____ MATERIAL PROVIDED

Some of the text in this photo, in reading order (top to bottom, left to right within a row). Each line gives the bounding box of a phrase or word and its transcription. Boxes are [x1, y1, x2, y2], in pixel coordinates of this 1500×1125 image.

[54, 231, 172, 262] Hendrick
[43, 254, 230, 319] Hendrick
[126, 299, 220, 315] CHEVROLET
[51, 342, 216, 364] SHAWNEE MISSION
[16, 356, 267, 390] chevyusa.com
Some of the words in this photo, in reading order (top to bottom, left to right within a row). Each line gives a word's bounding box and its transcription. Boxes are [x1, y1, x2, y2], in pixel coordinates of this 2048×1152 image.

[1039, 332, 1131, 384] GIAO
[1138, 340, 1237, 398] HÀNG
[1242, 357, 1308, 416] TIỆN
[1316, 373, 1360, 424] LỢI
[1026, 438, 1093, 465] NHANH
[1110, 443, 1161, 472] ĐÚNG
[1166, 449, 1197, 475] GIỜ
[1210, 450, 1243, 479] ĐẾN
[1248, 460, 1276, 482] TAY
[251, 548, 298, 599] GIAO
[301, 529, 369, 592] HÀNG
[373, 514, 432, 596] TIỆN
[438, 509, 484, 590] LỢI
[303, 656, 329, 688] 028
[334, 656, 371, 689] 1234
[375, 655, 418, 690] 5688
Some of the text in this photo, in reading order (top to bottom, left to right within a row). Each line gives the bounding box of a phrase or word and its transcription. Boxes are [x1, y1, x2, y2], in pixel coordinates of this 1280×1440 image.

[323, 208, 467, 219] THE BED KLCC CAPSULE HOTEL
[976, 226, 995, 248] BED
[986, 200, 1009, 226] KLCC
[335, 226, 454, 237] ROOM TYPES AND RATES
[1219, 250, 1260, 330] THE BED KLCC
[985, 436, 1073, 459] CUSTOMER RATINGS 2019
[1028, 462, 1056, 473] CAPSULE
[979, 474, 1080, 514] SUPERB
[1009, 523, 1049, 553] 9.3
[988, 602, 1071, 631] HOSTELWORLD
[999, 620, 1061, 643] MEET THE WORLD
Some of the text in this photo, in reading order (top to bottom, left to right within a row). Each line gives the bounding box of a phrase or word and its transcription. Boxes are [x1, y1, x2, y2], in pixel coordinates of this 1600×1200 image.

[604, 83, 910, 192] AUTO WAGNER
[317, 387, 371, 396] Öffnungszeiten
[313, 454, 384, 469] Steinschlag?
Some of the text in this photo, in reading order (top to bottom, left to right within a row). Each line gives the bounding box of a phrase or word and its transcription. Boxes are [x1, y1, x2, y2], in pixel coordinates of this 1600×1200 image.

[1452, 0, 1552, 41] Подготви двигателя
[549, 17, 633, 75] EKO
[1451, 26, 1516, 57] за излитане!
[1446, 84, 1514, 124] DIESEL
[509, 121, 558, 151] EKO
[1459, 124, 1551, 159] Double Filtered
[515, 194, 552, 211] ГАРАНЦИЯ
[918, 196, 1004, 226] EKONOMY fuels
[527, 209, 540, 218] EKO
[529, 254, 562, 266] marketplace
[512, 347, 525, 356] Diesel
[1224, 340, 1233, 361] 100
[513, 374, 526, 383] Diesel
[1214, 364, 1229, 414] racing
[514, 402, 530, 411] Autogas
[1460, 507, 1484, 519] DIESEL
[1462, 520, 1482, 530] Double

________

### WHAT YOU HAVE TO DO
The full listing above should be restated word for word.

### SOLUTION TO THIS EXERCISE
Some of the text in this photo, in reading order (top to bottom, left to right within a row). Each line gives the bounding box of a phrase or word and its transcription. Boxes are [x1, y1, x2, y2], in pixel coordinates of this 1500×1125 image.

[54, 231, 172, 262] Hendrick
[43, 254, 230, 319] Hendrick
[126, 299, 220, 315] CHEVROLET
[51, 342, 216, 364] SHAWNEE MISSION
[16, 356, 267, 390] chevyusa.com
Some of the words in this photo, in reading order (top to bottom, left to right within a row). Each line gives a word's bounding box and its transcription. Boxes are [x1, y1, x2, y2], in pixel coordinates of this 2048×1152 image.

[1039, 332, 1131, 384] GIAO
[1138, 340, 1237, 398] HÀNG
[1242, 357, 1308, 416] TIỆN
[1316, 373, 1360, 424] LỢI
[1026, 438, 1093, 465] NHANH
[1110, 443, 1161, 472] ĐÚNG
[1166, 449, 1197, 475] GIỜ
[1210, 450, 1243, 479] ĐẾN
[1248, 460, 1276, 482] TAY
[251, 548, 298, 599] GIAO
[301, 529, 369, 592] HÀNG
[373, 514, 432, 596] TIỆN
[438, 509, 484, 590] LỢI
[303, 656, 329, 688] 028
[334, 656, 371, 689] 1234
[375, 655, 418, 690] 5688
Some of the text in this photo, in reading order (top to bottom, left to right within a row). Each line gives the bounding box of a phrase or word and its transcription. Boxes are [x1, y1, x2, y2], in pixel coordinates of this 1280×1440 image.

[323, 208, 467, 219] THE BED KLCC CAPSULE HOTEL
[976, 226, 995, 248] BED
[986, 200, 1009, 226] KLCC
[335, 226, 454, 237] ROOM TYPES AND RATES
[1219, 250, 1260, 330] THE BED KLCC
[985, 436, 1073, 459] CUSTOMER RATINGS 2019
[1028, 462, 1056, 473] CAPSULE
[979, 474, 1080, 514] SUPERB
[1009, 523, 1049, 553] 9.3
[988, 602, 1071, 631] HOSTELWORLD
[999, 620, 1061, 643] MEET THE WORLD
Some of the text in this photo, in reading order (top to bottom, left to right within a row). Each line gives the bounding box of a phrase or word and its transcription. Boxes are [x1, y1, x2, y2], in pixel coordinates of this 1600×1200 image.

[604, 83, 910, 192] AUTO WAGNER
[317, 387, 371, 396] Öffnungszeiten
[313, 454, 384, 469] Steinschlag?
Some of the text in this photo, in reading order (top to bottom, left to right within a row). Each line gives the bounding box of a phrase or word and its transcription. Boxes are [x1, y1, x2, y2], in pixel coordinates of this 1600×1200 image.

[1452, 0, 1552, 41] Подготви двигателя
[549, 17, 633, 75] EKO
[1451, 26, 1516, 57] за излитане!
[1446, 84, 1514, 124] DIESEL
[509, 121, 558, 151] EKO
[1459, 124, 1551, 159] Double Filtered
[515, 194, 552, 211] ГАРАНЦИЯ
[918, 196, 1004, 226] EKONOMY fuels
[527, 209, 540, 218] EKO
[529, 254, 562, 266] marketplace
[512, 347, 525, 356] Diesel
[1224, 340, 1233, 361] 100
[513, 374, 526, 383] Diesel
[1214, 364, 1229, 414] racing
[514, 402, 530, 411] Autogas
[1460, 507, 1484, 519] DIESEL
[1462, 520, 1482, 530] Double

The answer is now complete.